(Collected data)
^^^^^^^^^^^^^^^^

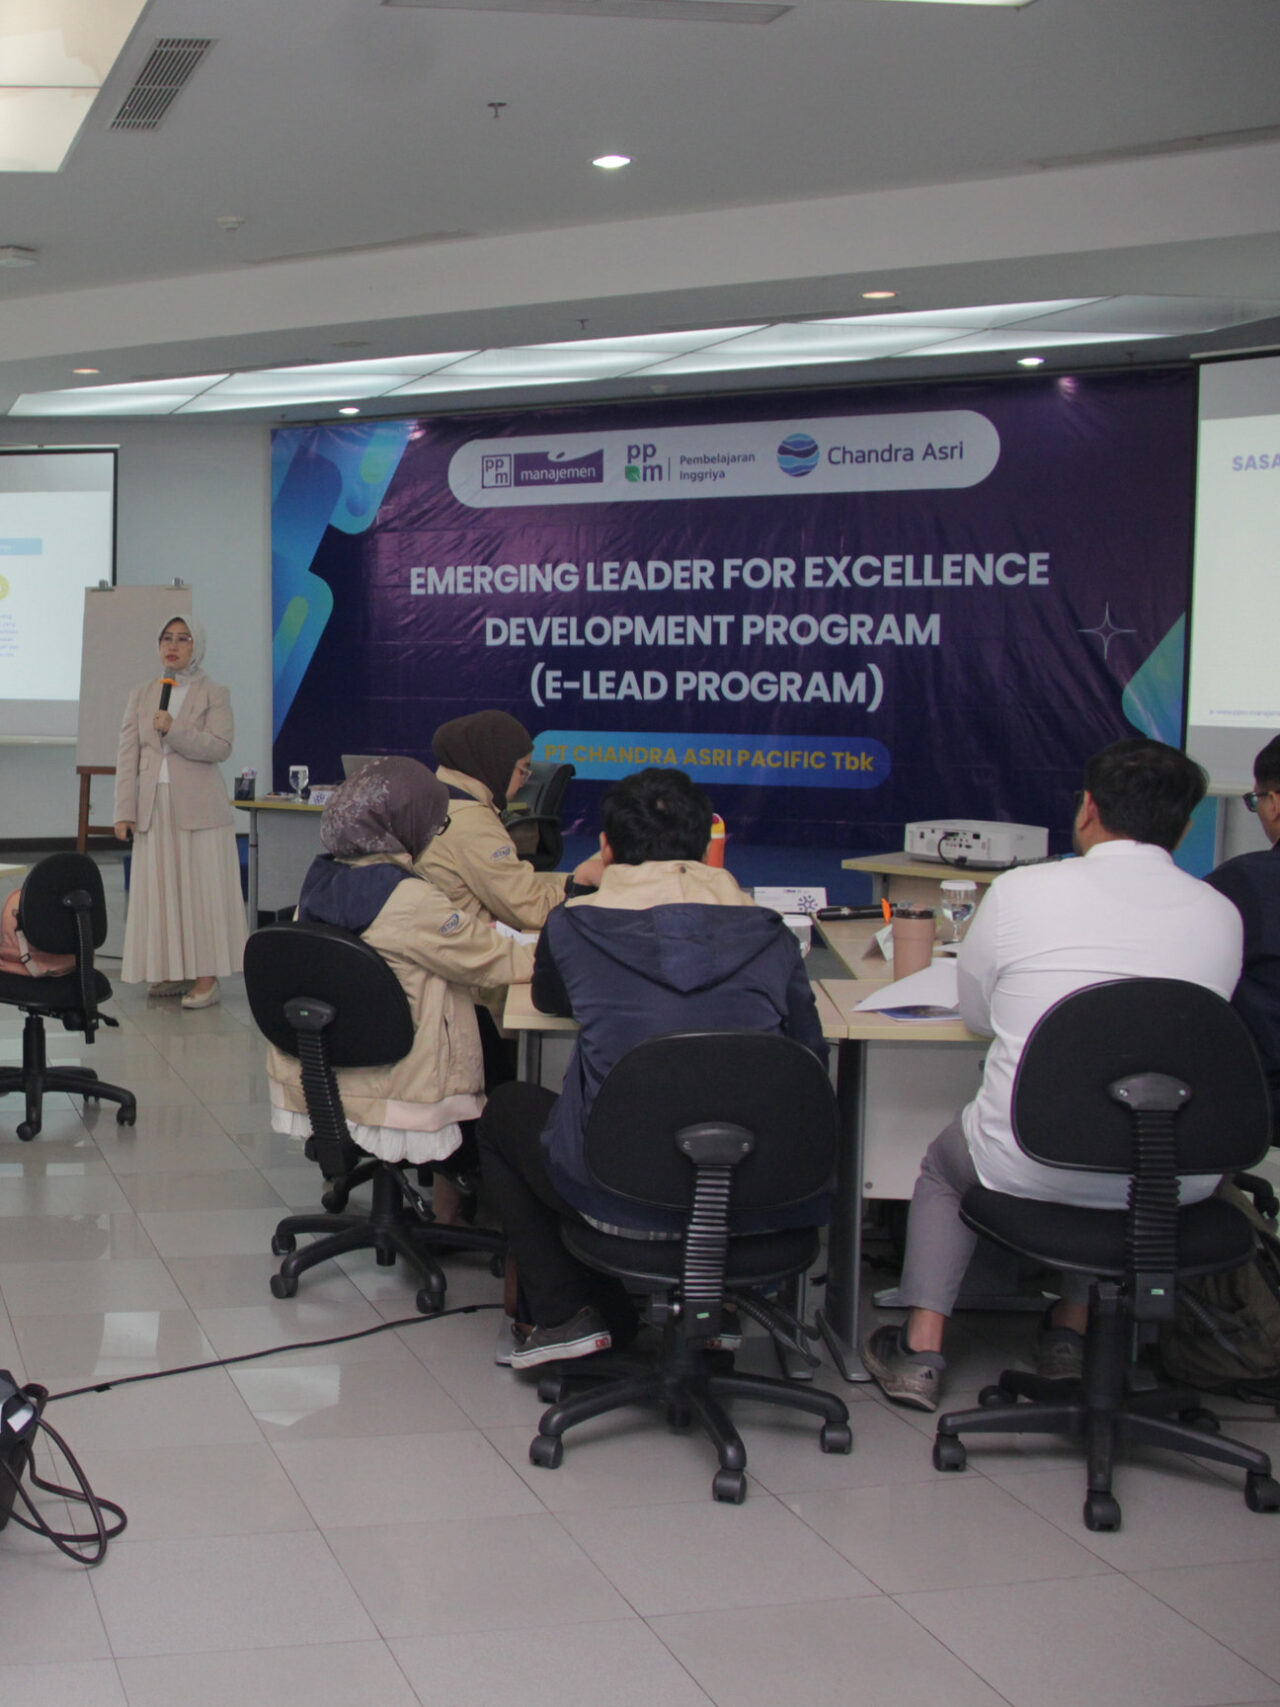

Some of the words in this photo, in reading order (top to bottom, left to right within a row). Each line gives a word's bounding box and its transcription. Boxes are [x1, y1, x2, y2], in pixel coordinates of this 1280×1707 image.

[679, 452, 756, 467] Pembelajaran
[827, 443, 915, 465] Chandra
[922, 441, 964, 461] Asri
[520, 465, 596, 483] manajemen
[679, 469, 726, 482] Inggriya
[410, 562, 580, 595] EMERGING
[586, 559, 715, 592] LEADER
[723, 557, 797, 589] FOR
[804, 552, 1050, 588] EXCELLENCE
[485, 615, 735, 646] DEVELOPMENT
[742, 613, 941, 646] PROGRAM
[530, 662, 669, 707] (E-LEAD
[675, 663, 884, 712] PROGRAM)
[544, 745, 567, 762] PT
[573, 746, 678, 765] CHANDRA
[683, 748, 732, 767] ASRI
[737, 749, 827, 769] PACIFIC
[831, 752, 874, 771] Tbk

^^^^^^^^^^^^^^^^

ASSIGNED TASK
The reply should contain all of the data above, word for word, with no pictures.

OUTPUT
Some of the words in this photo, in reading order (top to bottom, left to right within a row). Each line gives a word's bounding box and its transcription. Boxes are [x1, y1, x2, y2], in pixel coordinates of this 1280×1707 image.

[679, 452, 756, 467] Pembelajaran
[827, 443, 915, 465] Chandra
[922, 441, 964, 461] Asri
[520, 465, 596, 483] manajemen
[679, 469, 726, 482] Inggriya
[410, 562, 580, 595] EMERGING
[586, 559, 715, 592] LEADER
[723, 557, 797, 589] FOR
[804, 552, 1050, 588] EXCELLENCE
[485, 615, 735, 646] DEVELOPMENT
[742, 613, 941, 646] PROGRAM
[530, 662, 669, 707] (E-LEAD
[675, 663, 884, 712] PROGRAM)
[544, 745, 567, 762] PT
[573, 746, 678, 765] CHANDRA
[683, 748, 732, 767] ASRI
[737, 749, 827, 769] PACIFIC
[831, 752, 874, 771] Tbk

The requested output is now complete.